## Material to process

====================

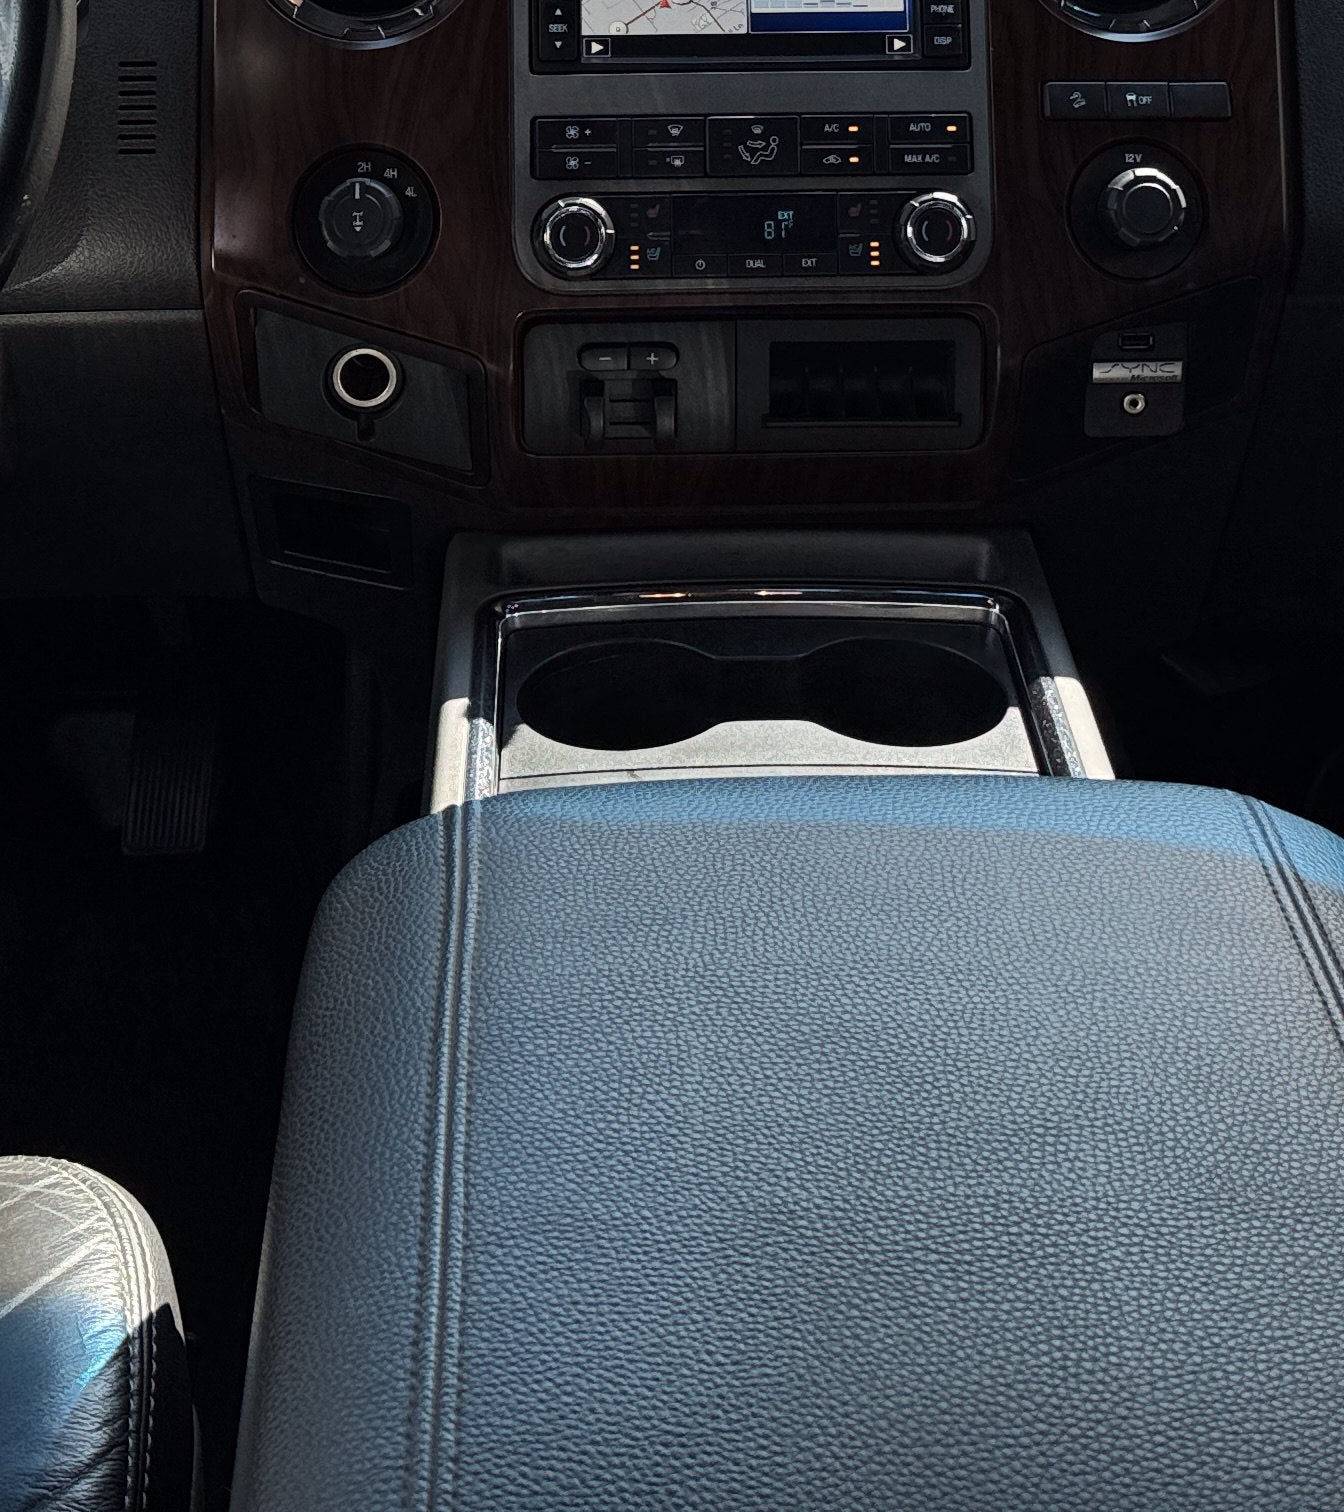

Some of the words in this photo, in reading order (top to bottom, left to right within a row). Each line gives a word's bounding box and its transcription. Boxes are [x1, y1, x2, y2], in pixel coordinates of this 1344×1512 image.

[930, 3, 955, 15] PHONE
[547, 22, 569, 34] SEEK
[933, 35, 953, 45] DISP
[1138, 95, 1153, 105] OFF
[823, 123, 840, 133] A/C
[908, 122, 932, 132] AUTO
[904, 154, 924, 164] MAX
[924, 154, 941, 163] A/C
[356, 161, 372, 173] 2H
[383, 168, 398, 179] 4H
[404, 186, 418, 198] 4L
[777, 210, 795, 220] EXT
[745, 259, 767, 269] DUAL
[801, 258, 818, 268] EXT
[1098, 362, 1176, 374] SYNC
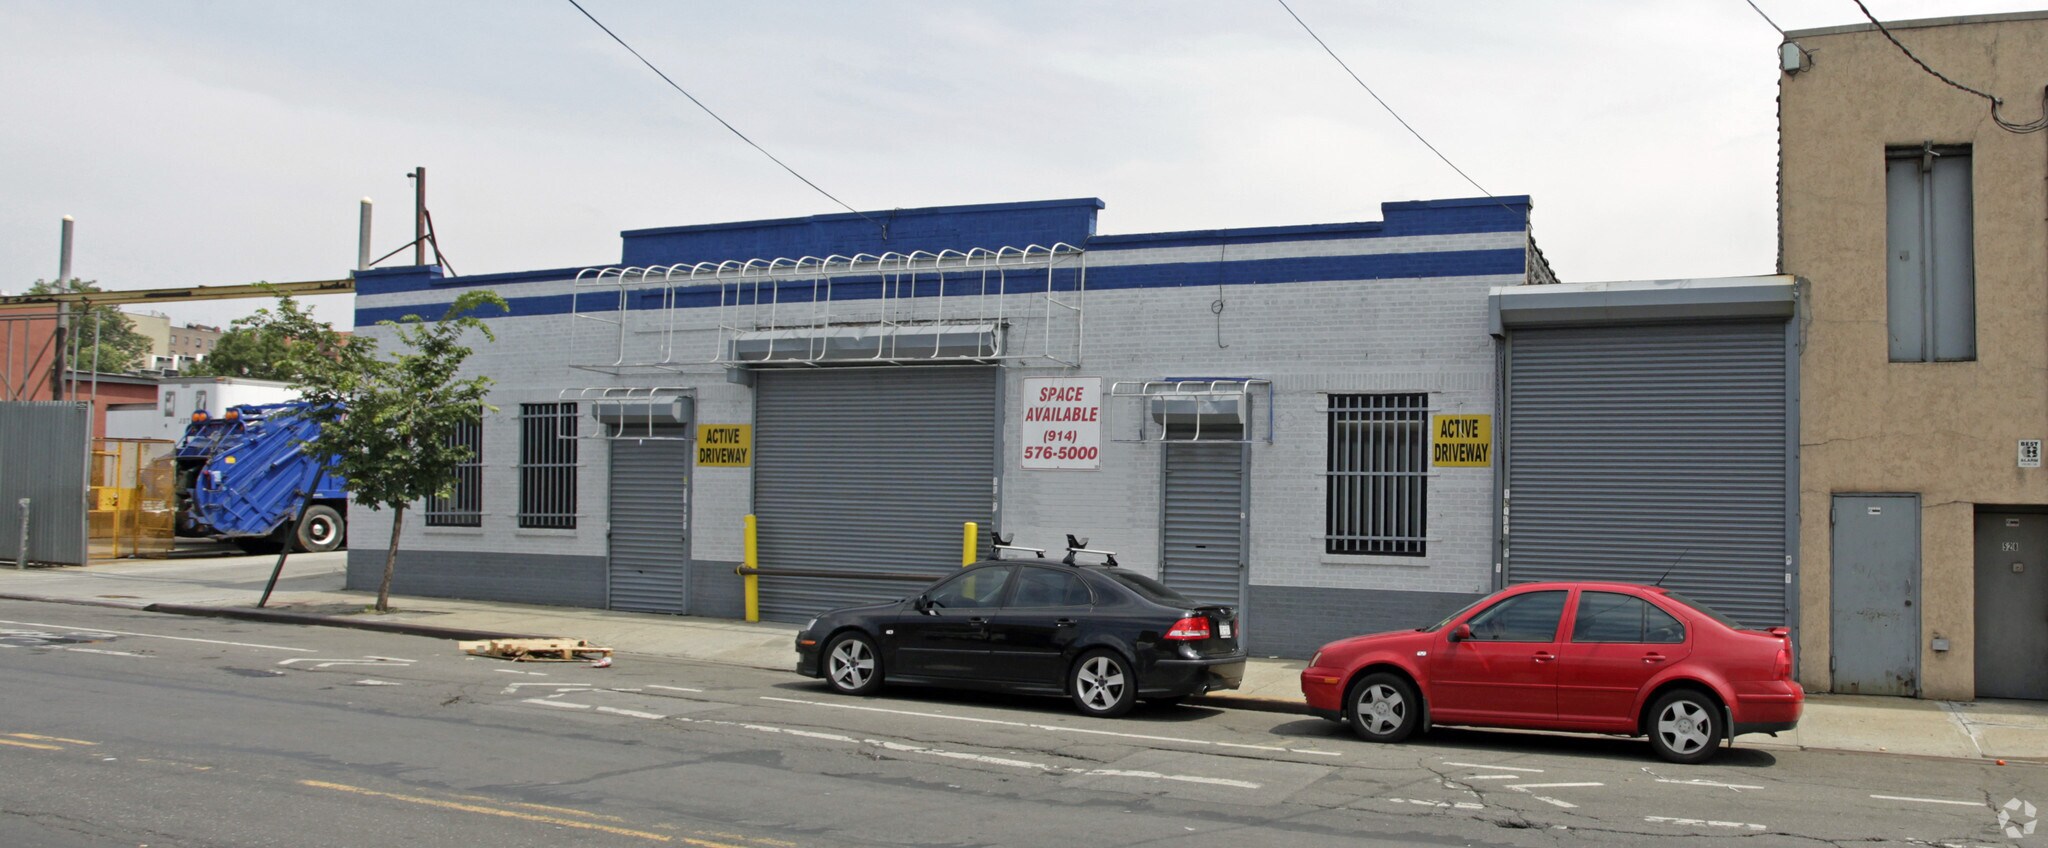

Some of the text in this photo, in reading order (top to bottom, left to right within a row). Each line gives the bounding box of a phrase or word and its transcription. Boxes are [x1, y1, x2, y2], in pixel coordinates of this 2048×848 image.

[1039, 387, 1084, 402] SPACE
[1025, 407, 1099, 422] AVAILABLE
[705, 428, 740, 444] ACTIVE
[1440, 419, 1478, 438] ACTIVE
[1043, 430, 1077, 444] (914)
[699, 447, 748, 463] DRIVEWAY
[1024, 446, 1098, 460] 576-5000
[1434, 443, 1489, 462] DRIVEWAY
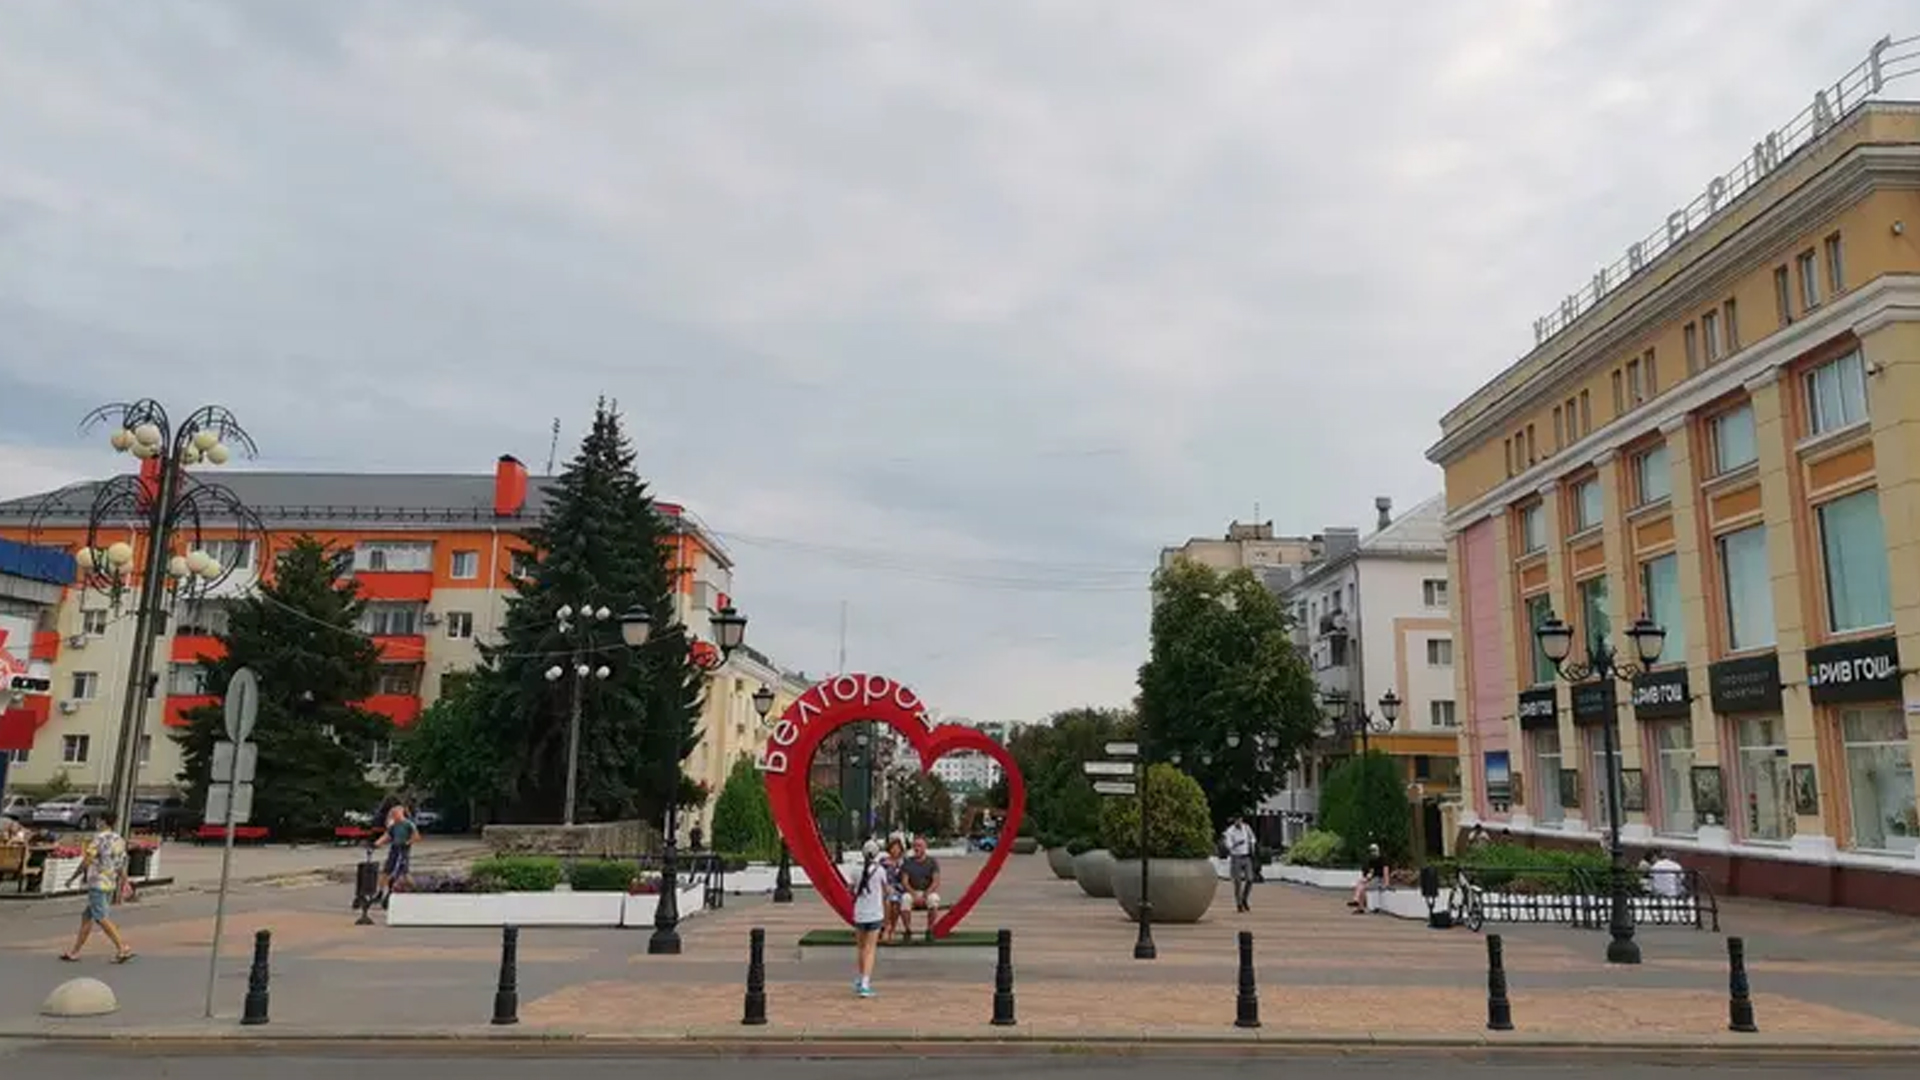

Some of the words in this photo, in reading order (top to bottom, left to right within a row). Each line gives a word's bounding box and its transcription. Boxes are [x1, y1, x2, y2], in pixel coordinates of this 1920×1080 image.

[1533, 34, 1890, 346] УНИВЕРМАГ
[1819, 660, 1852, 684] РИВ
[1854, 655, 1897, 680] ГОШ

====================

## Work instructions
Please output the material as written, apart from the images.

## Exercise solution
Some of the words in this photo, in reading order (top to bottom, left to right within a row). Each line gives a word's bounding box and its transcription. Boxes are [x1, y1, x2, y2], in pixel coordinates of this 1344×1512 image.

[930, 3, 955, 15] PHONE
[547, 22, 569, 34] SEEK
[933, 35, 953, 45] DISP
[1138, 95, 1153, 105] OFF
[823, 123, 840, 133] A/C
[908, 122, 932, 132] AUTO
[904, 154, 924, 164] MAX
[924, 154, 941, 163] A/C
[356, 161, 372, 173] 2H
[383, 168, 398, 179] 4H
[404, 186, 418, 198] 4L
[777, 210, 795, 220] EXT
[745, 259, 767, 269] DUAL
[801, 258, 818, 268] EXT
[1098, 362, 1176, 374] SYNC

Some of the text in this photo, in reading order (top to bottom, left to right within a row). Each line gives the bounding box of a phrase or word and its transcription. Boxes are [x1, y1, x2, y2], in pixel coordinates of this 2048×848 image.

[1039, 387, 1084, 402] SPACE
[1025, 407, 1099, 422] AVAILABLE
[705, 428, 740, 444] ACTIVE
[1440, 419, 1478, 438] ACTIVE
[1043, 430, 1077, 444] (914)
[699, 447, 748, 463] DRIVEWAY
[1024, 446, 1098, 460] 576-5000
[1434, 443, 1489, 462] DRIVEWAY

Some of the words in this photo, in reading order (top to bottom, left to right within a row). Each line gives a word's bounding box and its transcription. Boxes are [x1, y1, x2, y2], in pixel coordinates of this 1920×1080 image.

[1533, 34, 1890, 346] УНИВЕРМАГ
[1819, 660, 1852, 684] РИВ
[1854, 655, 1897, 680] ГОШ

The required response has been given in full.